Estamos sem recursos e sem pessoal. Na próxima semana estaremos em Brasília (DF) para conversar com o ministro do Desenvolvimento Agrário e Agricultura Familiar, Paulo Teixeira, para tratarmos sobre os recursos para o Incra-PB, que serão destinados ao orçamento para que o órgão volte a funcionar adequadamente. O principal desafio atualmente é fazer com que o órgão atue dentro de sua capacidade total. Estamos levando um diagnóstico para a Presidência, vamos nos reunir com todas as superintendências para que tenhamos um debate geral sobre essa problemática em todos os estados.
Quais as principais ações estão sendo planejadas para 2023?

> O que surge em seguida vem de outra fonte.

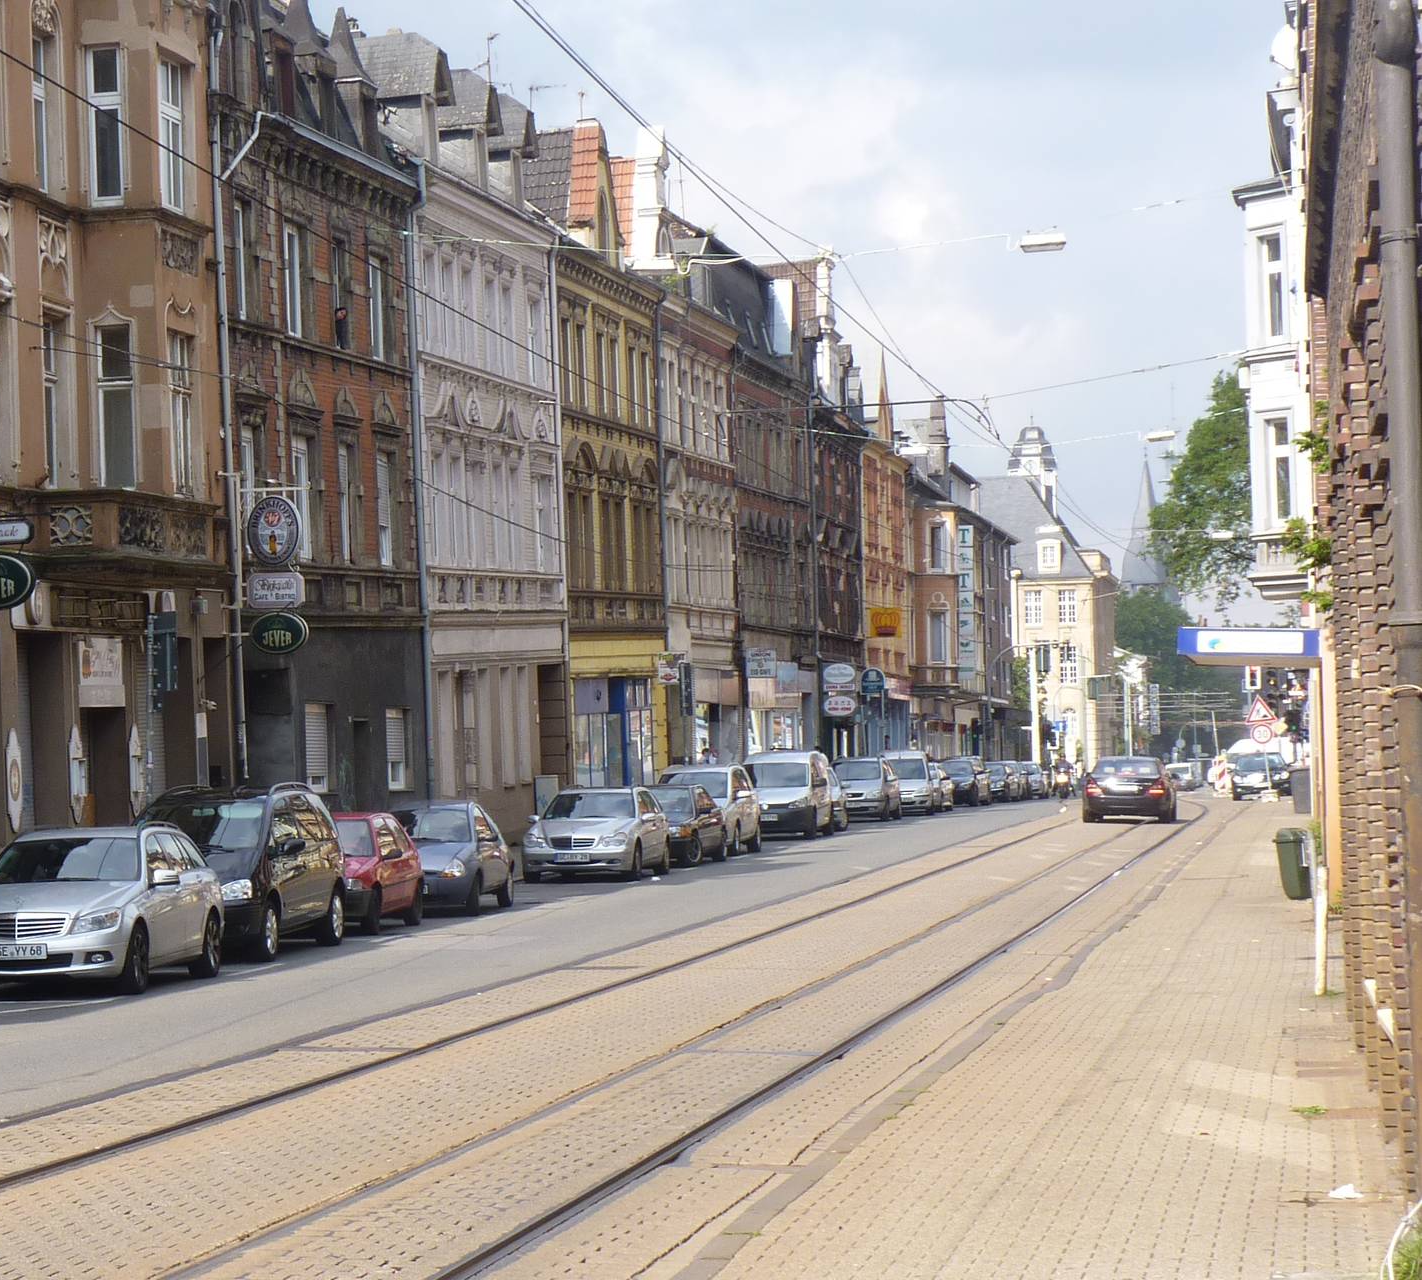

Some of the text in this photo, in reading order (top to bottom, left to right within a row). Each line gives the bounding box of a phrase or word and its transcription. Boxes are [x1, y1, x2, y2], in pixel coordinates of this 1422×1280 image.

[262, 629, 293, 649] JEVER
[14, 946, 28, 956] YY
[29, 945, 42, 956] 68
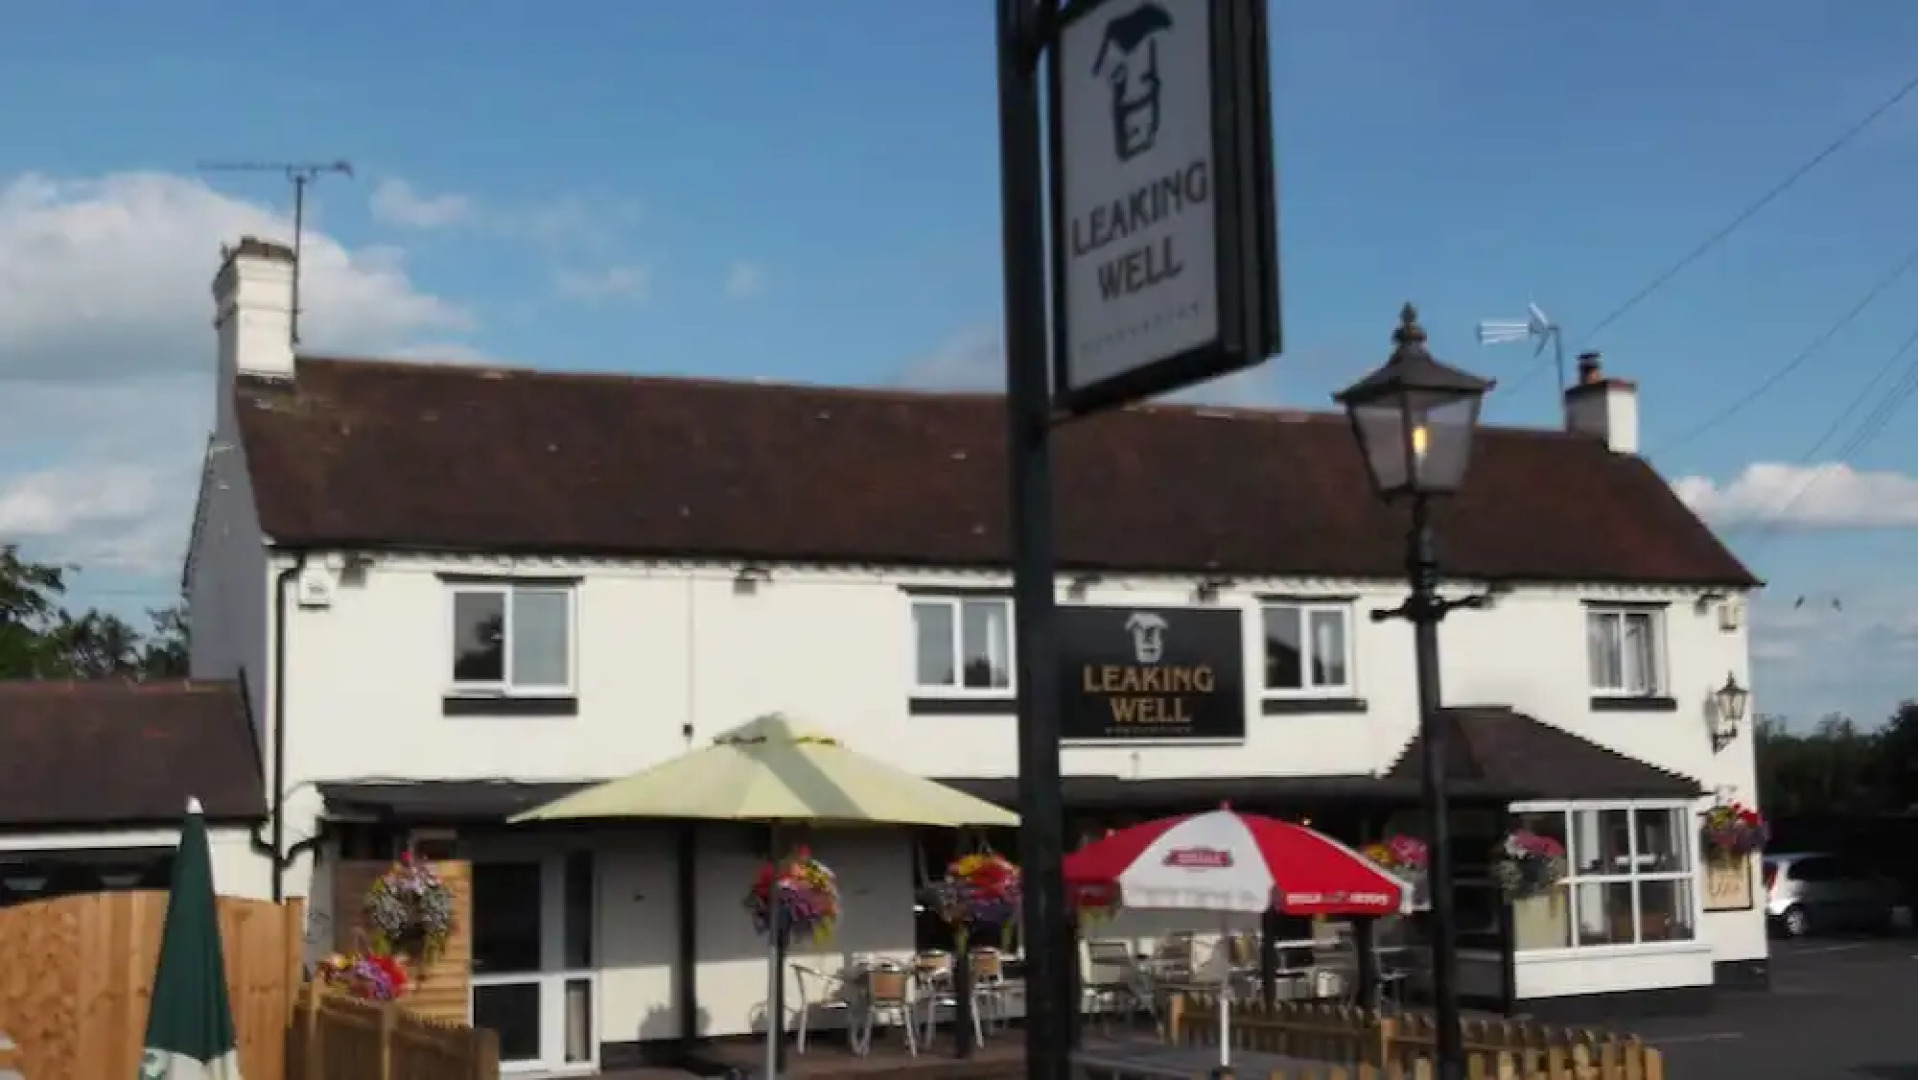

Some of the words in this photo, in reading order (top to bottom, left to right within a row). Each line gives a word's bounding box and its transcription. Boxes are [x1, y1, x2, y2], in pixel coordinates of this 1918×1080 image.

[1071, 161, 1208, 257] LEAKING
[1098, 236, 1184, 301] WELL
[1083, 664, 1215, 693] LEAKING
[1109, 697, 1192, 722] WELL
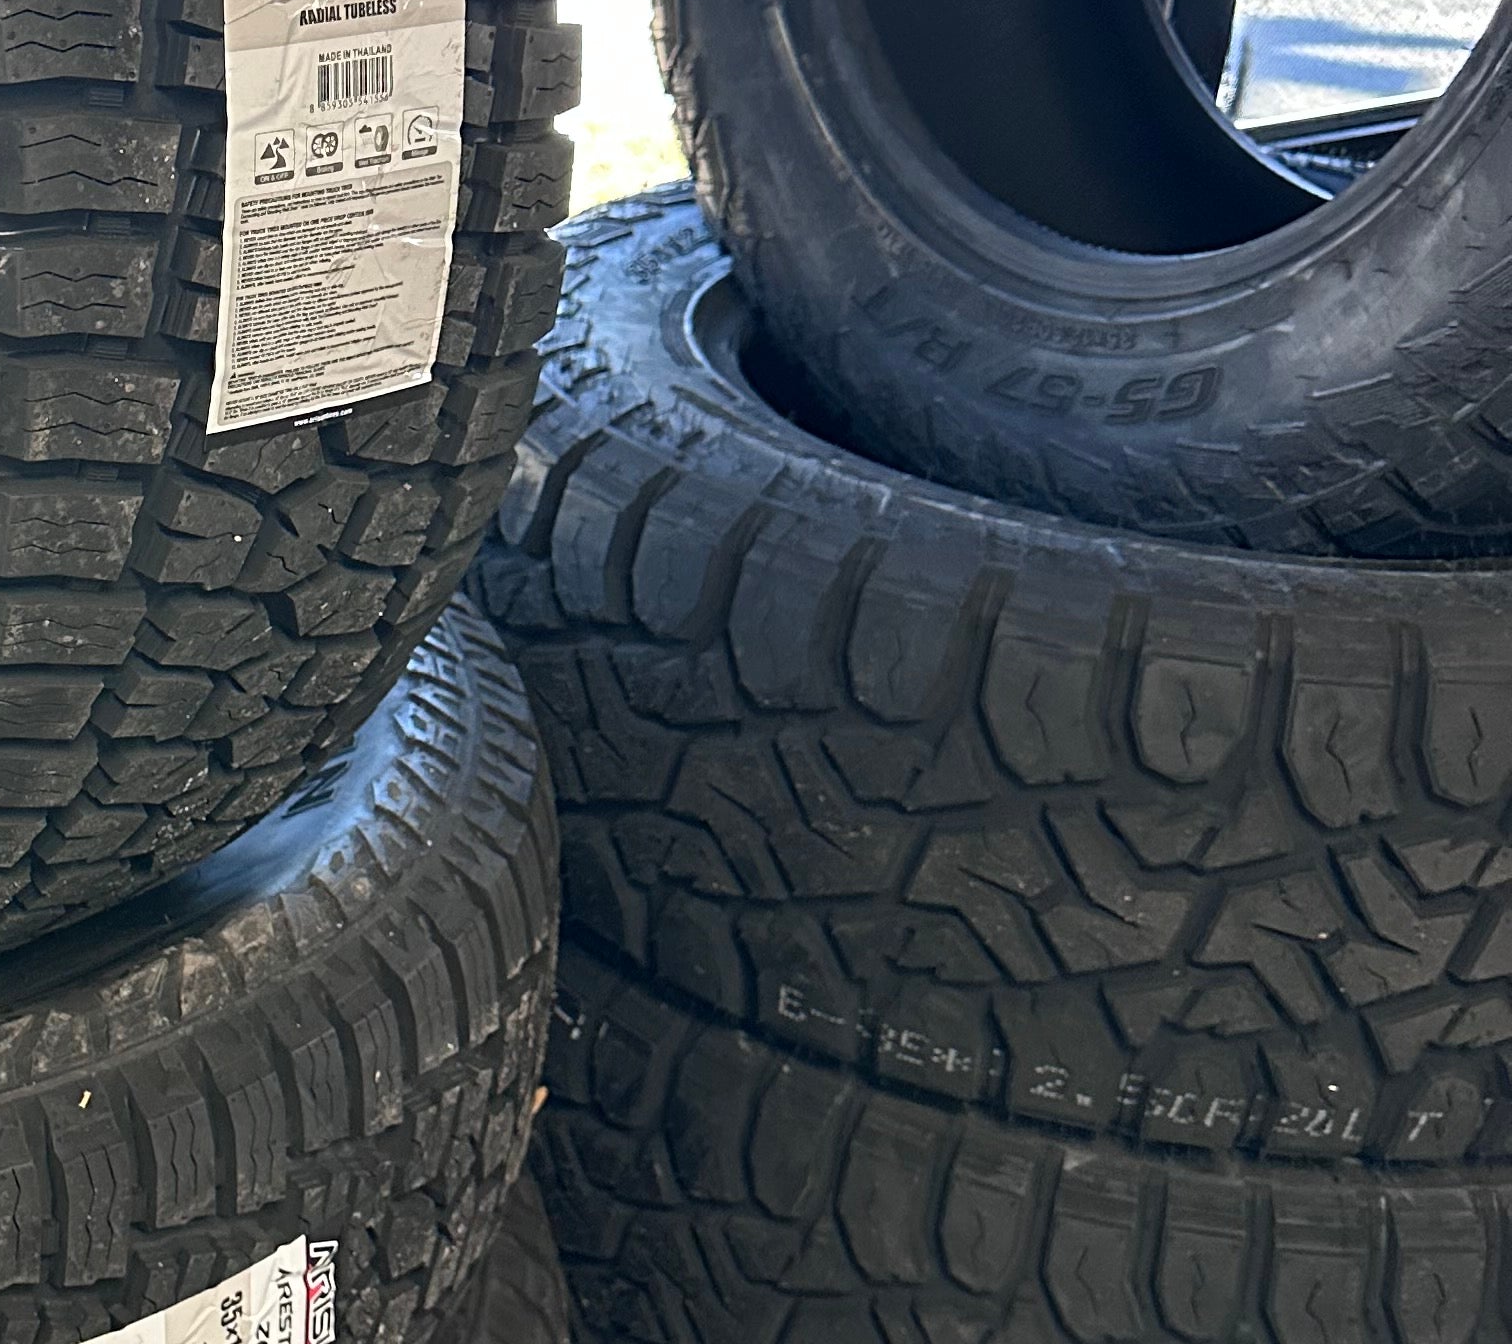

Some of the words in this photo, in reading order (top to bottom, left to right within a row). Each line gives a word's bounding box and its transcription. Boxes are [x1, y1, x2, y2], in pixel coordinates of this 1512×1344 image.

[300, 5, 341, 26] RADIAL
[319, 51, 341, 62] MADE
[343, 50, 351, 59] IN
[353, 44, 392, 56] THAILAND
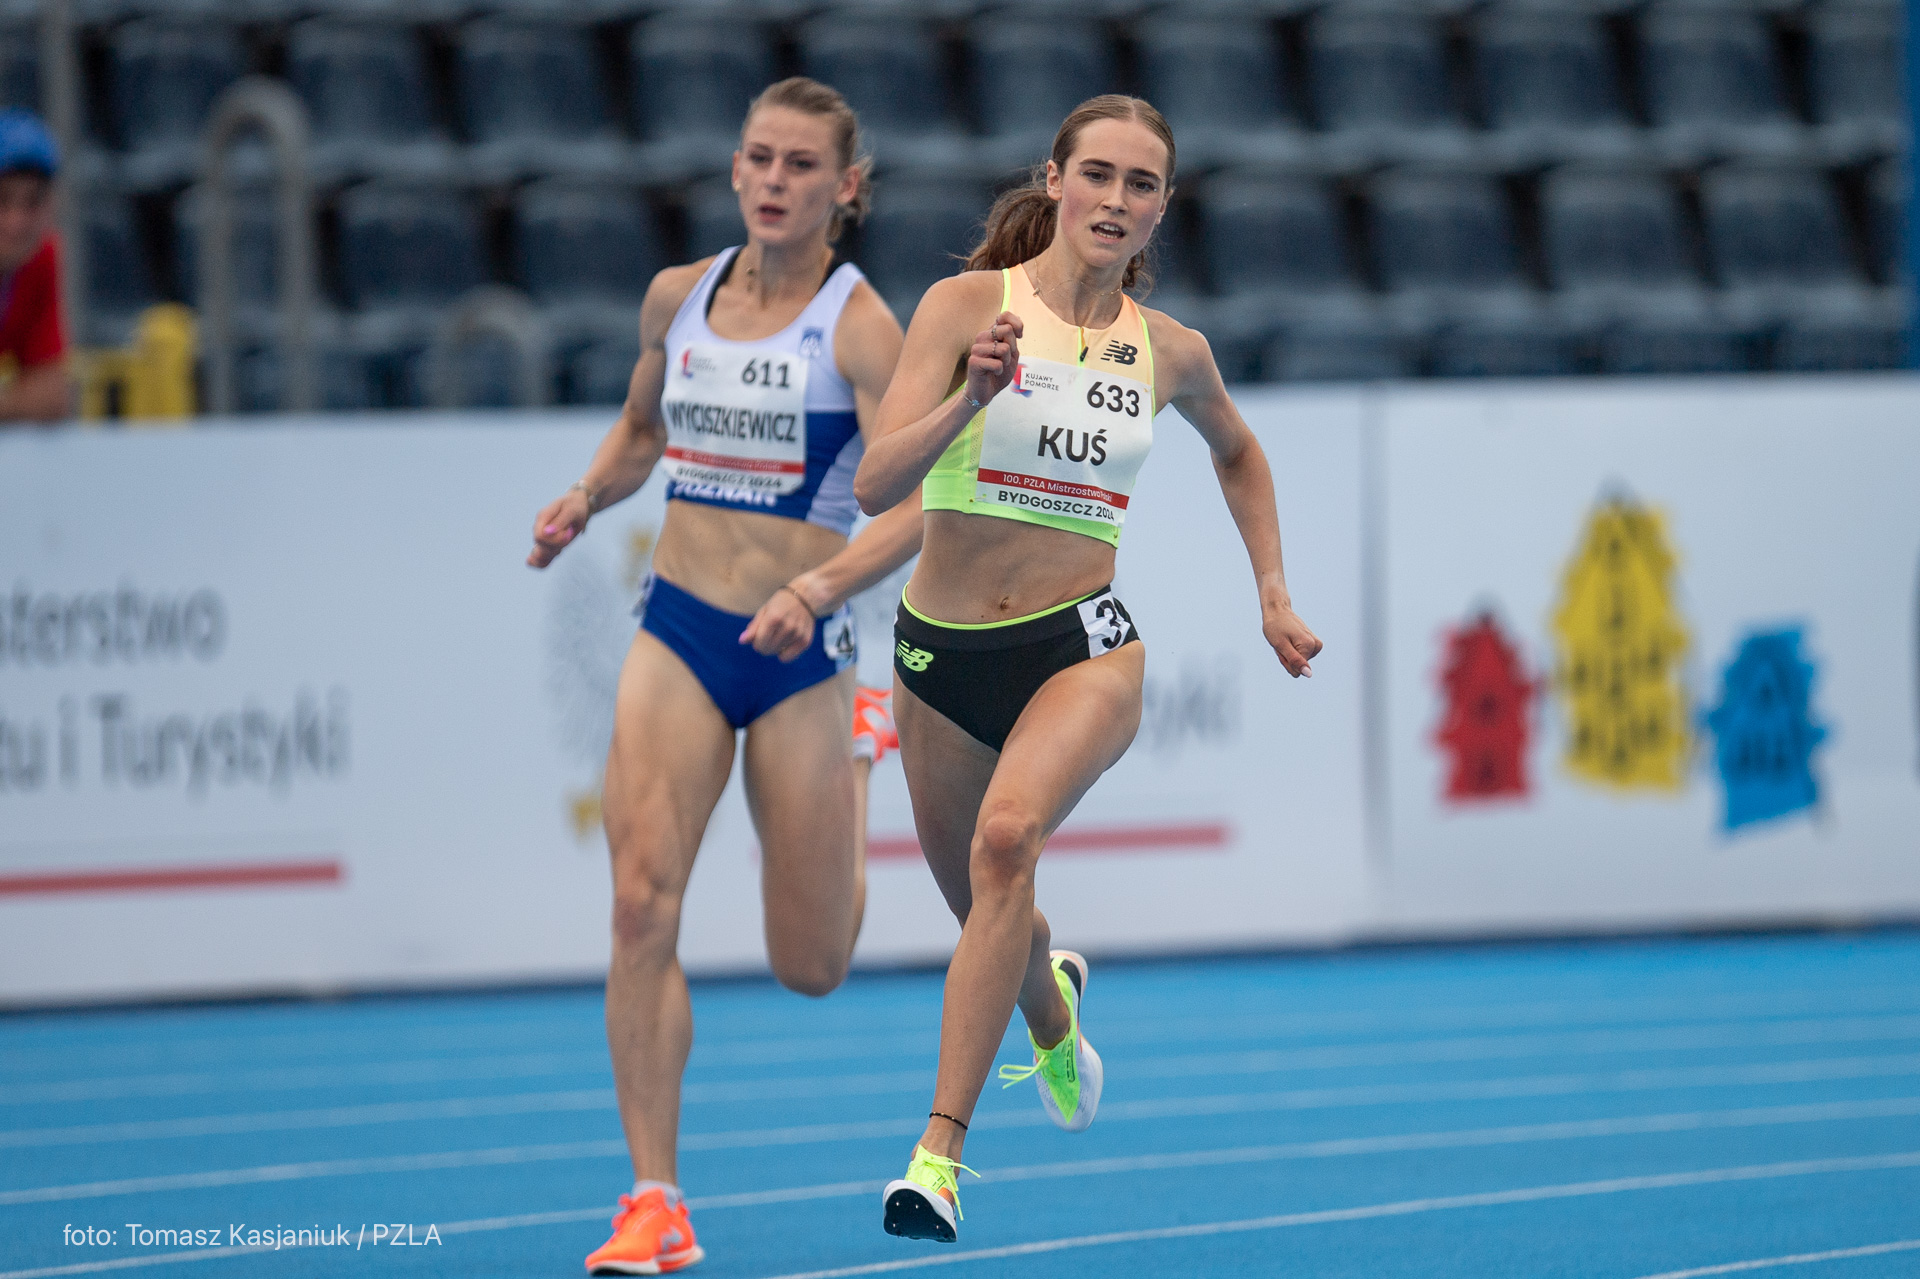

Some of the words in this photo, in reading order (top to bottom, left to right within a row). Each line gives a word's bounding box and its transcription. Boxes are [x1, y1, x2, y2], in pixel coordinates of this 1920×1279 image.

[741, 357, 790, 388] 611
[1024, 379, 1060, 392] POMORZE
[1025, 372, 1053, 382] KUJAWY
[1087, 381, 1140, 418] 633
[667, 401, 796, 443] WYCISZKIEWICZ
[1037, 424, 1108, 467] KUŚ
[1003, 473, 1022, 485] 100.
[1023, 477, 1046, 489] PZLA
[997, 490, 1093, 516] BYDGOSZCZ
[1095, 506, 1115, 521] 2024
[1096, 599, 1122, 649] 3

Planejamento pressupõe que tenhamos recursos para viabilizar. A partir do Plano Emergencial da Reforma Agrária, acredito que voltaremos a agilizar os processos de desapropriação de áreas improdutivas, assentar os agricultores familiares e agricultores ribeirinhos, com a certeza de que todos serão beneficiados pelas políticas do Governo Federal.
Espero conversar com o governador João Azevêdo nos próximos dias para que façamos parcerias na questão da assistência técnica, distribuição de cestas básicas, áreas que precisam de perfuração e construção de poços. Também pretendo realizar, o mais rápido possível, uma audiência com o Tribunal de Justiça, enquanto órgão parceiro, para tratarmos especialmente sobre a evidência da violência contra a mulher nos assentamentos. Em que pese essa situação de distanciamento e falta de assistência, o Incra ainda possui muita respeitabilidade, especialmente pelos recursos e pelas políticas públicas durante os governos de Lula e Dilma.
*Entrevista publicada originalmente na edição impressa de 21 de maio de 2023.